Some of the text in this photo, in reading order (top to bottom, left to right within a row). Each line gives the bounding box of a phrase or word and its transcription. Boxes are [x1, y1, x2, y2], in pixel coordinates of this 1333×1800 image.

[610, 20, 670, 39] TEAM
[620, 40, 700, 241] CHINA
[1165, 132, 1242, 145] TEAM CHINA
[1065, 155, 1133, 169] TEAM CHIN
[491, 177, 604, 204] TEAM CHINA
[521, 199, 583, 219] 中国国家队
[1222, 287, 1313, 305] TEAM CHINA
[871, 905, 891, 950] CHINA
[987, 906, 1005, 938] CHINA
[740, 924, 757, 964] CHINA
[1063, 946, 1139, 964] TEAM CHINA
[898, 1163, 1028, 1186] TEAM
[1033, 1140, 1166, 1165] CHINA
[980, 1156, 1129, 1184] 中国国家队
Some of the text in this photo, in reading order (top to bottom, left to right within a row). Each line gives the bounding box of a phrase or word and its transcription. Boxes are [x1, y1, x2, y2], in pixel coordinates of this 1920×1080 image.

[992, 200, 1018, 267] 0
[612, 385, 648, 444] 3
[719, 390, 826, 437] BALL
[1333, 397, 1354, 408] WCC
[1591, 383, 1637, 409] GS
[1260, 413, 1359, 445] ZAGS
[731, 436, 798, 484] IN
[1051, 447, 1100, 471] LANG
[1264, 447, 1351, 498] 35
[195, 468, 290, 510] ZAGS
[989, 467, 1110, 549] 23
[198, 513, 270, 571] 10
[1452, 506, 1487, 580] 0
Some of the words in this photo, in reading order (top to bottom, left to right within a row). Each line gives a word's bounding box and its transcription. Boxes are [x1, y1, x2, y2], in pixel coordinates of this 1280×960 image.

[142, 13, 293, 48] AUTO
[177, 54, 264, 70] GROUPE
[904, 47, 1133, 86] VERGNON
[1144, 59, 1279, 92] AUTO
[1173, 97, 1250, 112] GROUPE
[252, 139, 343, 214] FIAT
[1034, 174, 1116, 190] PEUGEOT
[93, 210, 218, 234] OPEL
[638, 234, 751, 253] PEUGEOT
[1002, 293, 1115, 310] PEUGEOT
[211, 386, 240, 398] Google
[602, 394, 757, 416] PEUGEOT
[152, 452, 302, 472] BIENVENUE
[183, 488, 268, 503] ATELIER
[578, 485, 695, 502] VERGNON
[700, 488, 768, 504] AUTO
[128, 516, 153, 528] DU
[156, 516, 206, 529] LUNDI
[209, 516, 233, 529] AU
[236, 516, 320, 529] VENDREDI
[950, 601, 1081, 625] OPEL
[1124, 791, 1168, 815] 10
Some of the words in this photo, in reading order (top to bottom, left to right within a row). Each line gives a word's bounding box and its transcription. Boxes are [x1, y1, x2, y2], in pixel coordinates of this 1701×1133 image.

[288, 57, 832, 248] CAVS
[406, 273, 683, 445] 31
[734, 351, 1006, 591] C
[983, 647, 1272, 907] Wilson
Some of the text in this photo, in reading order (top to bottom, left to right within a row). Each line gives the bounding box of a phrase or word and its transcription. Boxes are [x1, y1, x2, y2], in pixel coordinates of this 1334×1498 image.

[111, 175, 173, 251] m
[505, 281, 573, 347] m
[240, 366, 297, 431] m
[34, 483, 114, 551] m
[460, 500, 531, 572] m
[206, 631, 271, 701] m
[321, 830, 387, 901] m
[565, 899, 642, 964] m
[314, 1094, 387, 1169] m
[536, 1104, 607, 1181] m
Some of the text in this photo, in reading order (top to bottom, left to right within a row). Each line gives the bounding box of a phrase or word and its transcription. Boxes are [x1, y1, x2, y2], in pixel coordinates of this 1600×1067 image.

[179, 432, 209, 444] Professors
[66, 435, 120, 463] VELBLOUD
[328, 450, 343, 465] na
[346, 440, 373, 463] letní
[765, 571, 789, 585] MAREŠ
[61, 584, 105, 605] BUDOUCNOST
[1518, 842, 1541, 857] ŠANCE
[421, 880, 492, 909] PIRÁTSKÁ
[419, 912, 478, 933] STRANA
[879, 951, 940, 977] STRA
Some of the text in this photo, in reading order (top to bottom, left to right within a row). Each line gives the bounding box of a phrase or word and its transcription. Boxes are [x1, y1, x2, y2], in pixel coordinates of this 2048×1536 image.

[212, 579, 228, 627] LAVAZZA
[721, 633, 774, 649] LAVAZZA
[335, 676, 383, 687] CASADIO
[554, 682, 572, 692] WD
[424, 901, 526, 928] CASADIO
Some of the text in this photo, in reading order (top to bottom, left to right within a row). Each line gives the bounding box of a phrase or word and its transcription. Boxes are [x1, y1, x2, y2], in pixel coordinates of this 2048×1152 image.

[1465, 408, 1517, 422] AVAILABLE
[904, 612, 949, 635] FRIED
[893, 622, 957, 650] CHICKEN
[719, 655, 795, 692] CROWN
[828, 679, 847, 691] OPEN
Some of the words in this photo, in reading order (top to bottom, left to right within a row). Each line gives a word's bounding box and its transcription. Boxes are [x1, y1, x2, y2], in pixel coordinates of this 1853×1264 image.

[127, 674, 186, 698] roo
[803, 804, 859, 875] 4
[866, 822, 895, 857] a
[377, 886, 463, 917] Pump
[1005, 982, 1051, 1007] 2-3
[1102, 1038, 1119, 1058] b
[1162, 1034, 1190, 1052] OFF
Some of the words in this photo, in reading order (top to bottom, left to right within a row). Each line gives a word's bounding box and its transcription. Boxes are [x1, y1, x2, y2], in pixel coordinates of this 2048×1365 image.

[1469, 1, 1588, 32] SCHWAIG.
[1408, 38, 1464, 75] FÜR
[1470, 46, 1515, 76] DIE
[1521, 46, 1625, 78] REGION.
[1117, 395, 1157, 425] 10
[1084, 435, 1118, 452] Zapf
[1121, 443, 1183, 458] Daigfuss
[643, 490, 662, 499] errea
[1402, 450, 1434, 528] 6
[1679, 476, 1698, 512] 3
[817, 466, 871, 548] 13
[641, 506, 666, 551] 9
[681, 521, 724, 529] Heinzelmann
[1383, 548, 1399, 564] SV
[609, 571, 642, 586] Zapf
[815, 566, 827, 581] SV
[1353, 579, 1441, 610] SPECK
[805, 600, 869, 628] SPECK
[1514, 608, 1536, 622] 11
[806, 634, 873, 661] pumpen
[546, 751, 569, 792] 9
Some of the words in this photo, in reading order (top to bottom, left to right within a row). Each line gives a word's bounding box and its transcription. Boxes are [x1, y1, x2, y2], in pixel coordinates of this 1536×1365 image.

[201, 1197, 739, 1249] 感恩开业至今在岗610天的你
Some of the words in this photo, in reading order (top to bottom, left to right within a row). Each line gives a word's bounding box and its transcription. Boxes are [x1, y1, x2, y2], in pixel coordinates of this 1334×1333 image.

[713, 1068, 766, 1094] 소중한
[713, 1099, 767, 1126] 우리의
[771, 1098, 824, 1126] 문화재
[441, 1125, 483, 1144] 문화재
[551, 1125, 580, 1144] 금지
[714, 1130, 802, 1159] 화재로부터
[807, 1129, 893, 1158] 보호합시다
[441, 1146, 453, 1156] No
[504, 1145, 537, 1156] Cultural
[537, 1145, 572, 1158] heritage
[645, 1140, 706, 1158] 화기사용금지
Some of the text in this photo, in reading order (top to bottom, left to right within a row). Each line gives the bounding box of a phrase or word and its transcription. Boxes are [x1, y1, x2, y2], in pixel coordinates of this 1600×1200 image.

+-------+

--- WORK INSTRUCTIONS ---
Return the full material unchanged.

--- THE ANSWER ---
Some of the text in this photo, in reading order (top to bottom, left to right within a row). Each line gives the bounding box of a phrase or word and its transcription. Boxes are [x1, y1, x2, y2], in pixel coordinates of this 1333×1800 image.

[610, 20, 670, 39] TEAM
[620, 40, 700, 241] CHINA
[1165, 132, 1242, 145] TEAM CHINA
[1065, 155, 1133, 169] TEAM CHIN
[491, 177, 604, 204] TEAM CHINA
[521, 199, 583, 219] 中国国家队
[1222, 287, 1313, 305] TEAM CHINA
[871, 905, 891, 950] CHINA
[987, 906, 1005, 938] CHINA
[740, 924, 757, 964] CHINA
[1063, 946, 1139, 964] TEAM CHINA
[898, 1163, 1028, 1186] TEAM
[1033, 1140, 1166, 1165] CHINA
[980, 1156, 1129, 1184] 中国国家队
Some of the text in this photo, in reading order (top to bottom, left to right within a row). Each line gives the bounding box of a phrase or word and its transcription. Boxes are [x1, y1, x2, y2], in pixel coordinates of this 1920×1080 image.

[992, 200, 1018, 267] 0
[612, 385, 648, 444] 3
[719, 390, 826, 437] BALL
[1333, 397, 1354, 408] WCC
[1591, 383, 1637, 409] GS
[1260, 413, 1359, 445] ZAGS
[731, 436, 798, 484] IN
[1051, 447, 1100, 471] LANG
[1264, 447, 1351, 498] 35
[195, 468, 290, 510] ZAGS
[989, 467, 1110, 549] 23
[198, 513, 270, 571] 10
[1452, 506, 1487, 580] 0
Some of the words in this photo, in reading order (top to bottom, left to right within a row). Each line gives a word's bounding box and its transcription. Boxes are [x1, y1, x2, y2], in pixel coordinates of this 1280×960 image.

[142, 13, 293, 48] AUTO
[177, 54, 264, 70] GROUPE
[904, 47, 1133, 86] VERGNON
[1144, 59, 1279, 92] AUTO
[1173, 97, 1250, 112] GROUPE
[252, 139, 343, 214] FIAT
[1034, 174, 1116, 190] PEUGEOT
[93, 210, 218, 234] OPEL
[638, 234, 751, 253] PEUGEOT
[1002, 293, 1115, 310] PEUGEOT
[211, 386, 240, 398] Google
[602, 394, 757, 416] PEUGEOT
[152, 452, 302, 472] BIENVENUE
[183, 488, 268, 503] ATELIER
[578, 485, 695, 502] VERGNON
[700, 488, 768, 504] AUTO
[128, 516, 153, 528] DU
[156, 516, 206, 529] LUNDI
[209, 516, 233, 529] AU
[236, 516, 320, 529] VENDREDI
[950, 601, 1081, 625] OPEL
[1124, 791, 1168, 815] 10
Some of the words in this photo, in reading order (top to bottom, left to right within a row). Each line gives a word's bounding box and its transcription. Boxes are [x1, y1, x2, y2], in pixel coordinates of this 1701×1133 image.

[288, 57, 832, 248] CAVS
[406, 273, 683, 445] 31
[734, 351, 1006, 591] C
[983, 647, 1272, 907] Wilson
Some of the text in this photo, in reading order (top to bottom, left to right within a row). Each line gives the bounding box of a phrase or word and its transcription. Boxes are [x1, y1, x2, y2], in pixel coordinates of this 1334×1498 image.

[111, 175, 173, 251] m
[505, 281, 573, 347] m
[240, 366, 297, 431] m
[34, 483, 114, 551] m
[460, 500, 531, 572] m
[206, 631, 271, 701] m
[321, 830, 387, 901] m
[565, 899, 642, 964] m
[314, 1094, 387, 1169] m
[536, 1104, 607, 1181] m
Some of the text in this photo, in reading order (top to bottom, left to right within a row). Each line gives the bounding box of a phrase or word and its transcription. Boxes are [x1, y1, x2, y2], in pixel coordinates of this 1600×1067 image.

[179, 432, 209, 444] Professors
[66, 435, 120, 463] VELBLOUD
[328, 450, 343, 465] na
[346, 440, 373, 463] letní
[765, 571, 789, 585] MAREŠ
[61, 584, 105, 605] BUDOUCNOST
[1518, 842, 1541, 857] ŠANCE
[421, 880, 492, 909] PIRÁTSKÁ
[419, 912, 478, 933] STRANA
[879, 951, 940, 977] STRA
Some of the text in this photo, in reading order (top to bottom, left to right within a row). Each line gives the bounding box of a phrase or word and its transcription. Boxes are [x1, y1, x2, y2], in pixel coordinates of this 2048×1536 image.

[212, 579, 228, 627] LAVAZZA
[721, 633, 774, 649] LAVAZZA
[335, 676, 383, 687] CASADIO
[554, 682, 572, 692] WD
[424, 901, 526, 928] CASADIO
Some of the text in this photo, in reading order (top to bottom, left to right within a row). Each line gives the bounding box of a phrase or word and its transcription. Boxes are [x1, y1, x2, y2], in pixel coordinates of this 2048×1152 image.

[1465, 408, 1517, 422] AVAILABLE
[904, 612, 949, 635] FRIED
[893, 622, 957, 650] CHICKEN
[719, 655, 795, 692] CROWN
[828, 679, 847, 691] OPEN
Some of the words in this photo, in reading order (top to bottom, left to right within a row). Each line gives a word's bounding box and its transcription. Boxes are [x1, y1, x2, y2], in pixel coordinates of this 1853×1264 image.

[127, 674, 186, 698] roo
[803, 804, 859, 875] 4
[866, 822, 895, 857] a
[377, 886, 463, 917] Pump
[1005, 982, 1051, 1007] 2-3
[1102, 1038, 1119, 1058] b
[1162, 1034, 1190, 1052] OFF
Some of the words in this photo, in reading order (top to bottom, left to right within a row). Each line gives a word's bounding box and its transcription. Boxes are [x1, y1, x2, y2], in pixel coordinates of this 2048×1365 image.

[1469, 1, 1588, 32] SCHWAIG.
[1408, 38, 1464, 75] FÜR
[1470, 46, 1515, 76] DIE
[1521, 46, 1625, 78] REGION.
[1117, 395, 1157, 425] 10
[1084, 435, 1118, 452] Zapf
[1121, 443, 1183, 458] Daigfuss
[643, 490, 662, 499] errea
[1402, 450, 1434, 528] 6
[1679, 476, 1698, 512] 3
[817, 466, 871, 548] 13
[641, 506, 666, 551] 9
[681, 521, 724, 529] Heinzelmann
[1383, 548, 1399, 564] SV
[609, 571, 642, 586] Zapf
[815, 566, 827, 581] SV
[1353, 579, 1441, 610] SPECK
[805, 600, 869, 628] SPECK
[1514, 608, 1536, 622] 11
[806, 634, 873, 661] pumpen
[546, 751, 569, 792] 9
Some of the words in this photo, in reading order (top to bottom, left to right within a row). Each line gives a word's bounding box and its transcription. Boxes are [x1, y1, x2, y2], in pixel coordinates of this 1536×1365 image.

[201, 1197, 739, 1249] 感恩开业至今在岗610天的你
Some of the words in this photo, in reading order (top to bottom, left to right within a row). Each line gives a word's bounding box and its transcription. Boxes are [x1, y1, x2, y2], in pixel coordinates of this 1334×1333 image.

[713, 1068, 766, 1094] 소중한
[713, 1099, 767, 1126] 우리의
[771, 1098, 824, 1126] 문화재
[441, 1125, 483, 1144] 문화재
[551, 1125, 580, 1144] 금지
[714, 1130, 802, 1159] 화재로부터
[807, 1129, 893, 1158] 보호합시다
[441, 1146, 453, 1156] No
[504, 1145, 537, 1156] Cultural
[537, 1145, 572, 1158] heritage
[645, 1140, 706, 1158] 화기사용금지
Some of the text in this photo, in reading order (top to bottom, left to right within a row). Each line gives the bounding box of a phrase or word and its transcription. Boxes are [x1, y1, x2, y2], in pixel coordinates of this 1600×1200 image.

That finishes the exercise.